#### Task objective
The pictures stay out. Please retype every line below exactly.

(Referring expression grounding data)

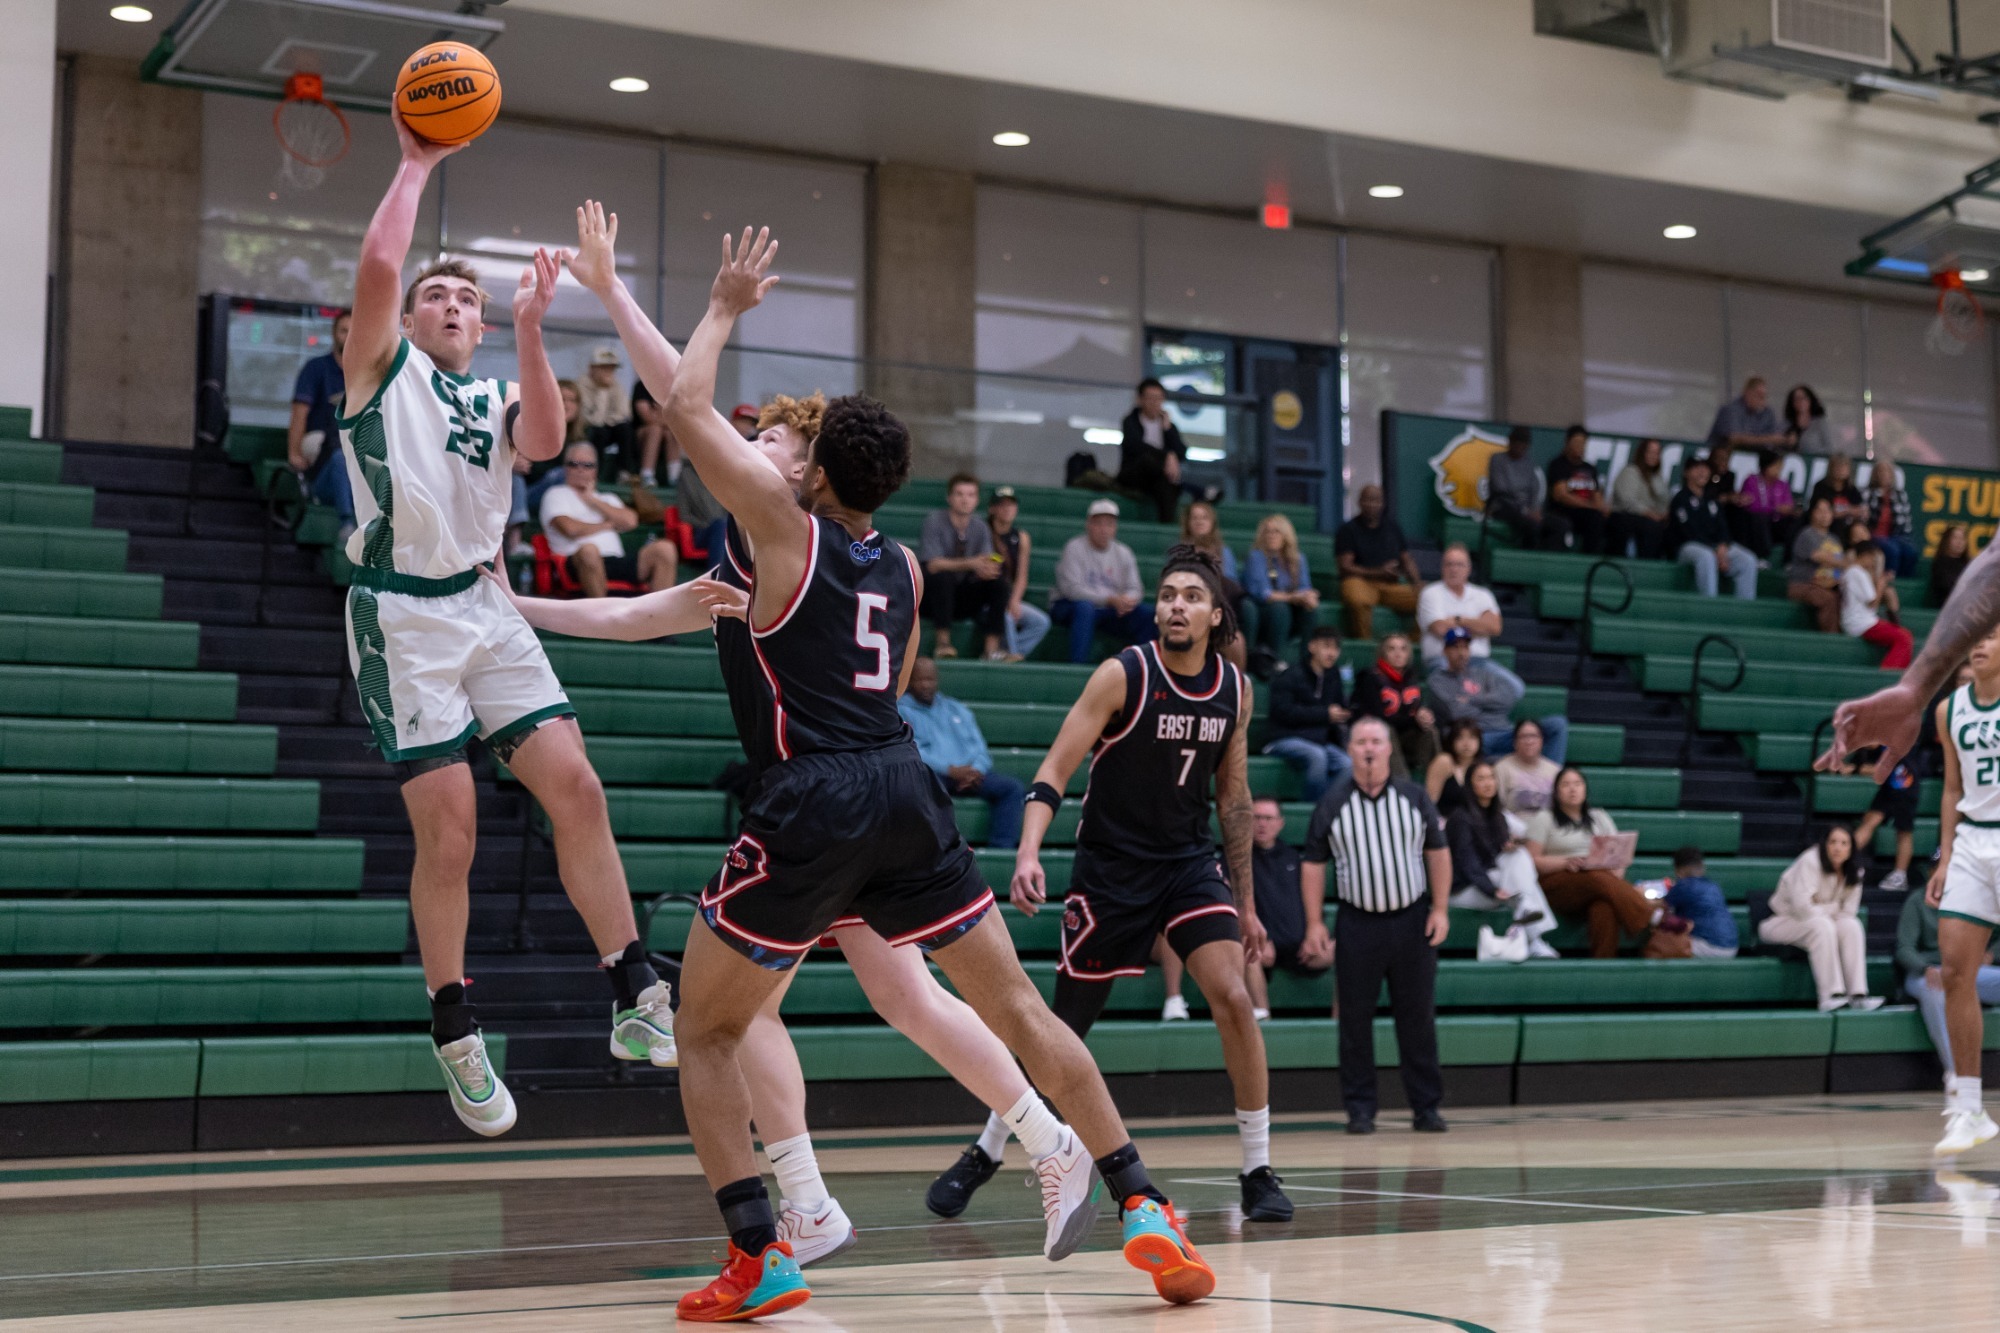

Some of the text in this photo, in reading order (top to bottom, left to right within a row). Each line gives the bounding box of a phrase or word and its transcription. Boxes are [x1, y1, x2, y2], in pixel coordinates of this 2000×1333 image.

[410, 52, 458, 72] NCAA
[407, 76, 477, 102] Wilson
[445, 416, 493, 472] 23
[853, 592, 890, 692] 5
[1157, 714, 1227, 742] EAST BAY
[1178, 748, 1196, 786] 7
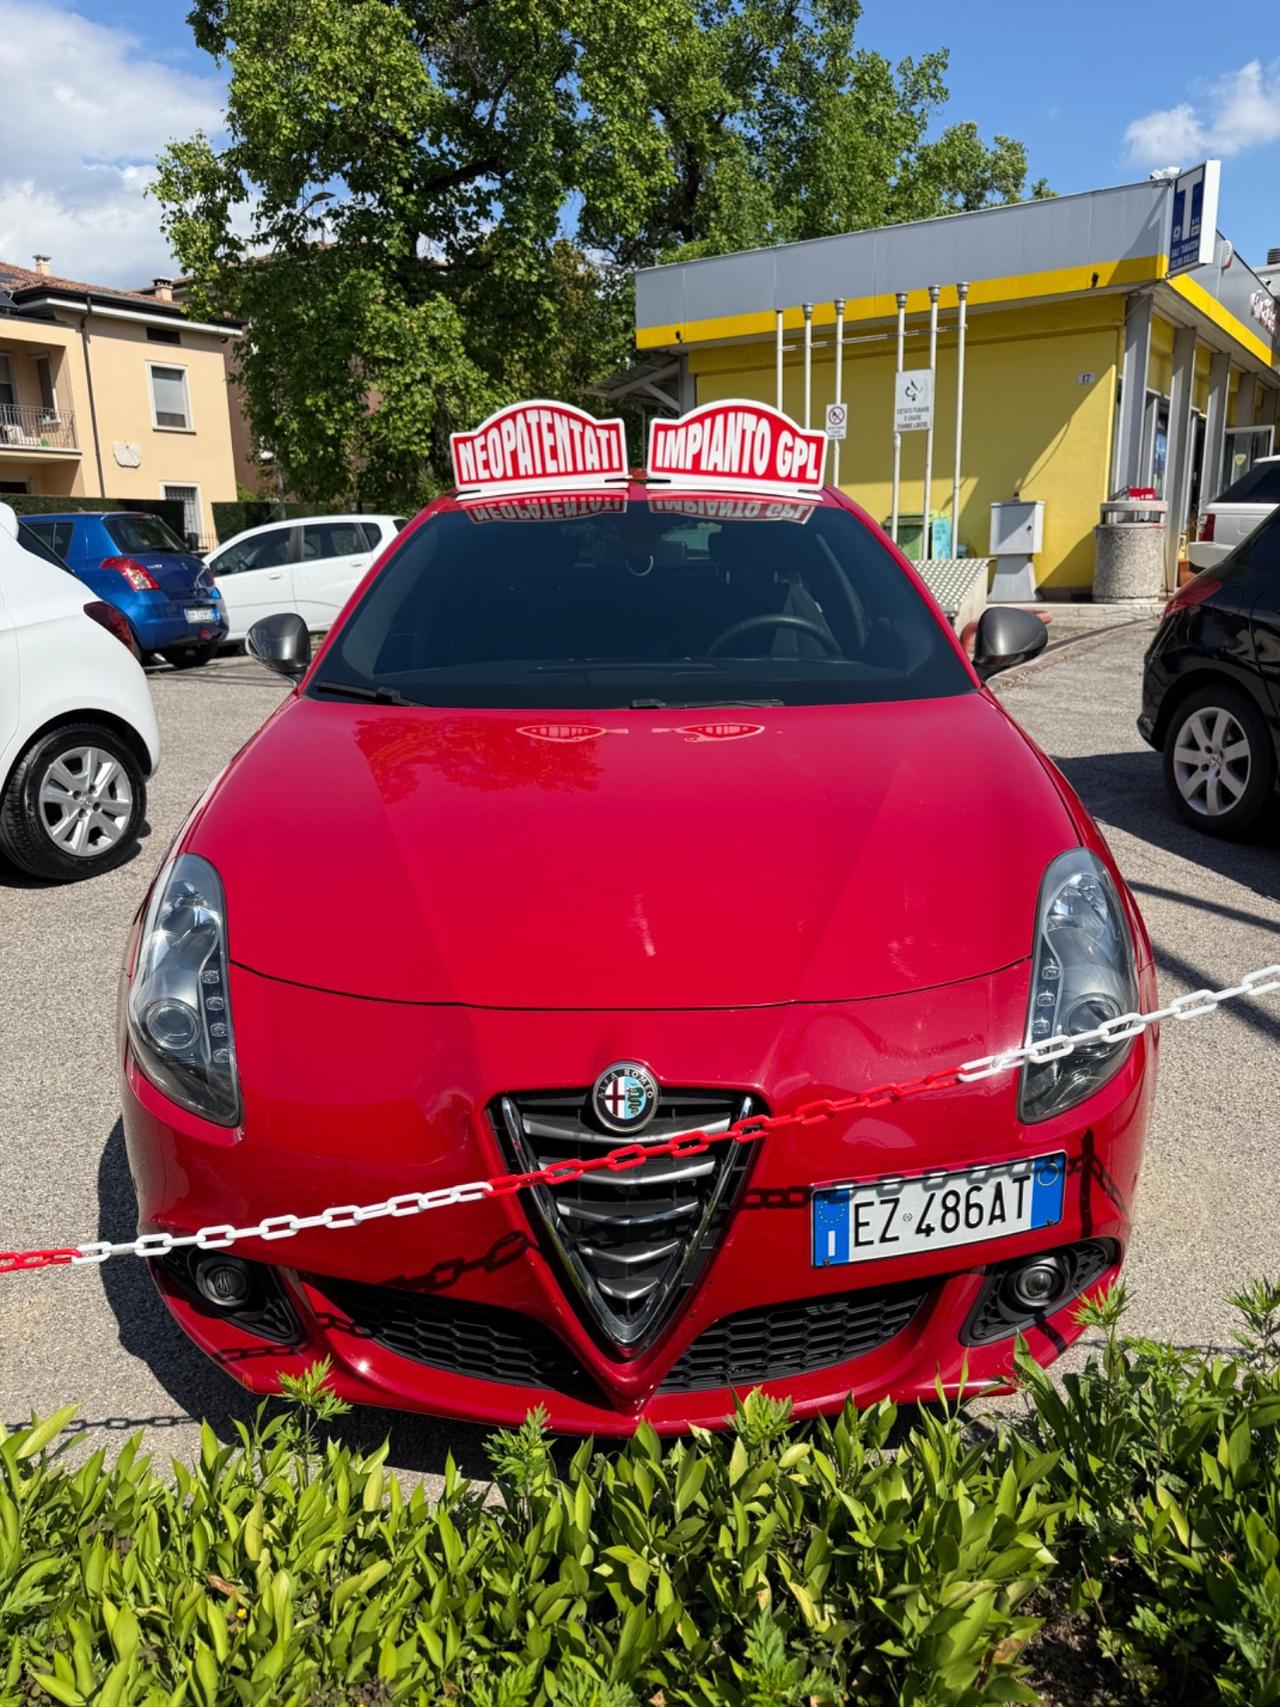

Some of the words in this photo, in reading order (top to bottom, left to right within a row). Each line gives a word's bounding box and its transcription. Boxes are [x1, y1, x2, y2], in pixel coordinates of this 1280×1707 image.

[1177, 167, 1203, 241] T
[458, 409, 621, 481] NEOPATENTATI
[656, 412, 771, 476] IMPIANTO
[776, 430, 818, 480] GPL
[624, 1069, 654, 1099] ROMEO
[828, 1230, 836, 1257] I
[854, 1197, 900, 1247] EZ
[915, 1175, 1031, 1237] 486AT

#### Output of the task
Some of the text in this photo, in reading order (top to bottom, left to right within a row). Each line gives the bounding box of a phrase or word and its transcription. Boxes are [x1, y1, x2, y2], in pixel coordinates of this 2000×1333 image.

[410, 52, 458, 72] NCAA
[407, 76, 477, 102] Wilson
[445, 416, 493, 472] 23
[853, 592, 890, 692] 5
[1157, 714, 1227, 742] EAST BAY
[1178, 748, 1196, 786] 7

Some of the words in this photo, in reading order (top to bottom, left to right within a row). Each line gives a word's bounding box and its transcription. Boxes are [x1, y1, x2, y2], in pixel coordinates of this 1280×1707 image.

[1177, 167, 1203, 241] T
[458, 409, 621, 481] NEOPATENTATI
[656, 412, 771, 476] IMPIANTO
[776, 430, 818, 480] GPL
[624, 1069, 654, 1099] ROMEO
[828, 1230, 836, 1257] I
[854, 1197, 900, 1247] EZ
[915, 1175, 1031, 1237] 486AT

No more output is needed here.